[Stored data entries]

______________________________

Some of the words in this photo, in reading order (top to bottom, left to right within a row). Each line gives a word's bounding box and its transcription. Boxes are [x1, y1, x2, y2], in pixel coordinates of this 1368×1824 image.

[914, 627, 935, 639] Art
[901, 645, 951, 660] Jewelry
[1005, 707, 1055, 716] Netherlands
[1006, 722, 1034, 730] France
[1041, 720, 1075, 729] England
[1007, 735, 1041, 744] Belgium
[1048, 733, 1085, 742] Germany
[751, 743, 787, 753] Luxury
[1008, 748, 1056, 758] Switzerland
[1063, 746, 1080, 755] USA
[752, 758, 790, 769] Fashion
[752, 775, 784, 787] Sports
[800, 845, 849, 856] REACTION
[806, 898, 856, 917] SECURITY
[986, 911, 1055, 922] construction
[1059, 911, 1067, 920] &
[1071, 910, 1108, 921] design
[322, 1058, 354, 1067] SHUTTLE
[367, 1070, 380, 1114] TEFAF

______________________________

> **DIRECTIONS FOR THIS TASK**
I would like the records restated exactly, with every line intact.

> **SOLUTION BELOW**
Some of the words in this photo, in reading order (top to bottom, left to right within a row). Each line gives a word's bounding box and its transcription. Boxes are [x1, y1, x2, y2], in pixel coordinates of this 1368×1824 image.

[914, 627, 935, 639] Art
[901, 645, 951, 660] Jewelry
[1005, 707, 1055, 716] Netherlands
[1006, 722, 1034, 730] France
[1041, 720, 1075, 729] England
[1007, 735, 1041, 744] Belgium
[1048, 733, 1085, 742] Germany
[751, 743, 787, 753] Luxury
[1008, 748, 1056, 758] Switzerland
[1063, 746, 1080, 755] USA
[752, 758, 790, 769] Fashion
[752, 775, 784, 787] Sports
[800, 845, 849, 856] REACTION
[806, 898, 856, 917] SECURITY
[986, 911, 1055, 922] construction
[1059, 911, 1067, 920] &
[1071, 910, 1108, 921] design
[322, 1058, 354, 1067] SHUTTLE
[367, 1070, 380, 1114] TEFAF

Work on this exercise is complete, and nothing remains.